▶ _Record excerpts_

--- START ---

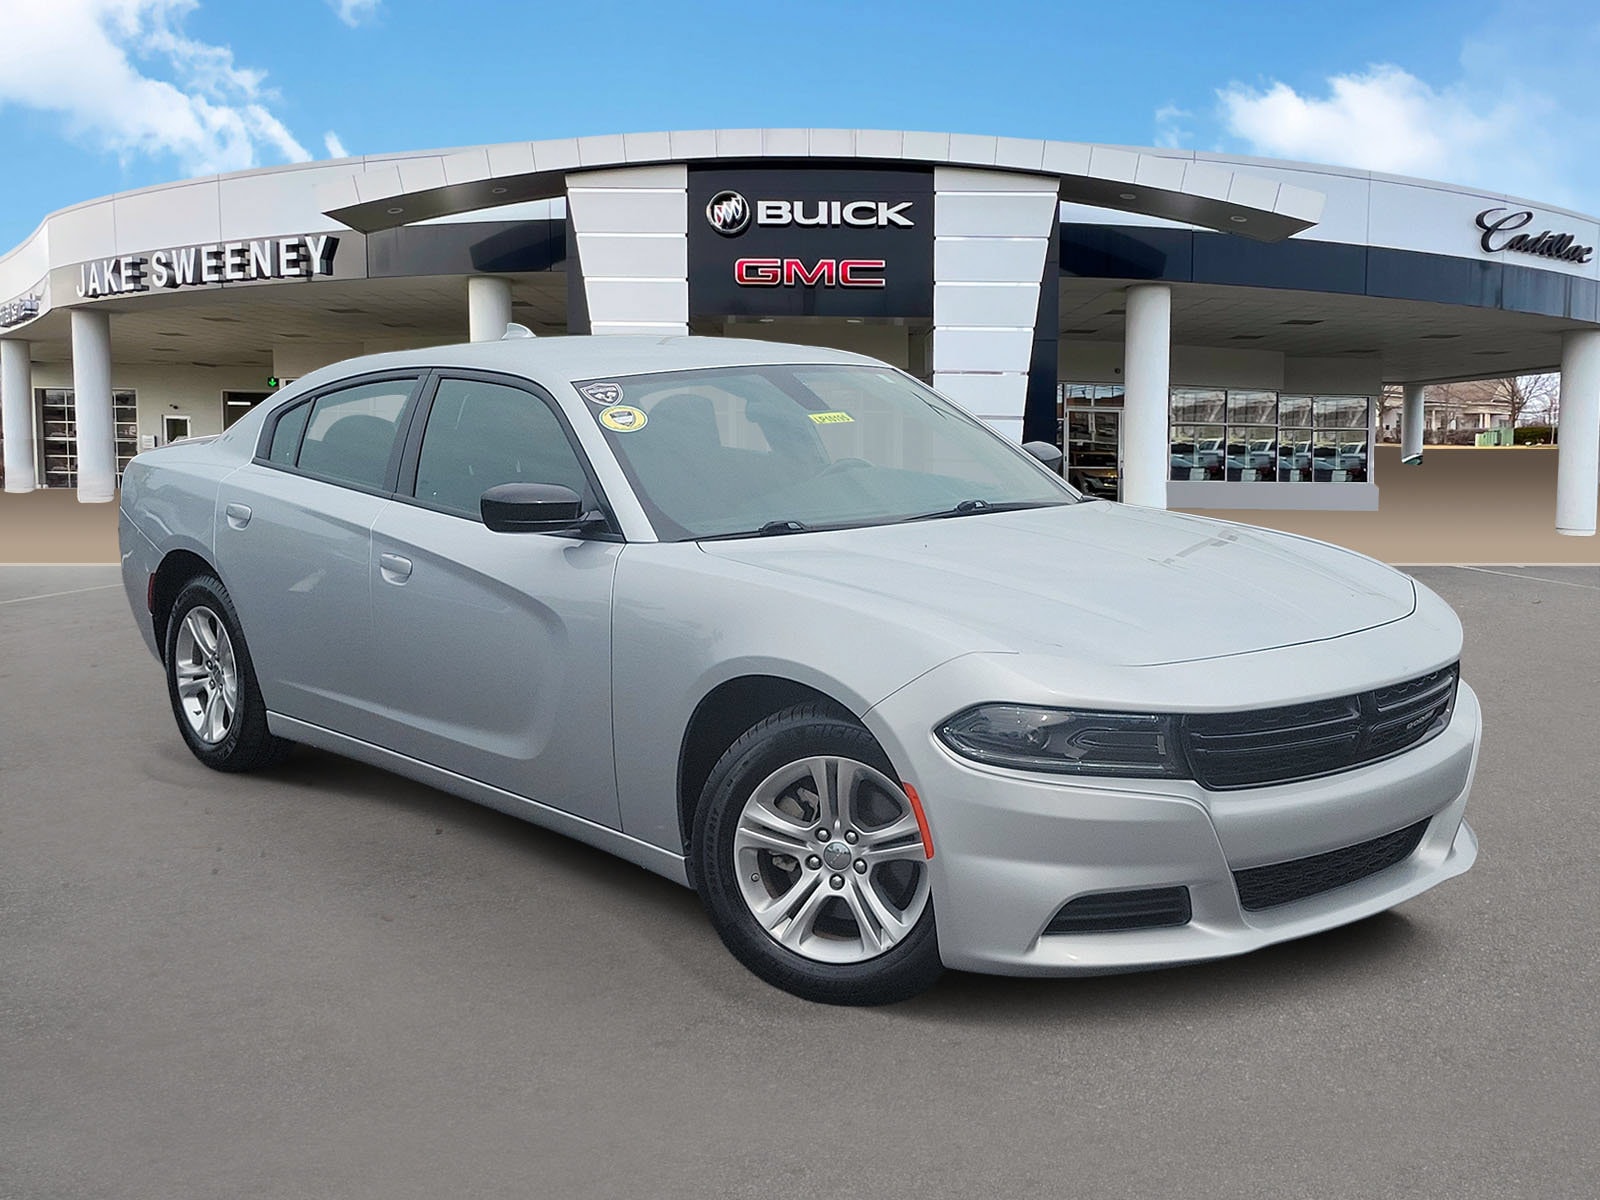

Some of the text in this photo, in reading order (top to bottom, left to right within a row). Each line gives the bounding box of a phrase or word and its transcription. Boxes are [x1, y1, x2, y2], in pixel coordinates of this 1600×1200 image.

[757, 200, 915, 226] BUICK
[1475, 207, 1594, 264] Cadillac
[76, 234, 332, 298] JAKE SWEENEY
[734, 258, 886, 287] GMC

--- END ---

▶ _Directions_
Print out every record above exactly as given. Do not include the pictures.

▶ _Expected output_
Some of the text in this photo, in reading order (top to bottom, left to right within a row). Each line gives the bounding box of a phrase or word and its transcription. Boxes are [x1, y1, x2, y2], in pixel coordinates of this 1600×1200 image.

[757, 200, 915, 226] BUICK
[1475, 207, 1594, 264] Cadillac
[76, 234, 332, 298] JAKE SWEENEY
[734, 258, 886, 287] GMC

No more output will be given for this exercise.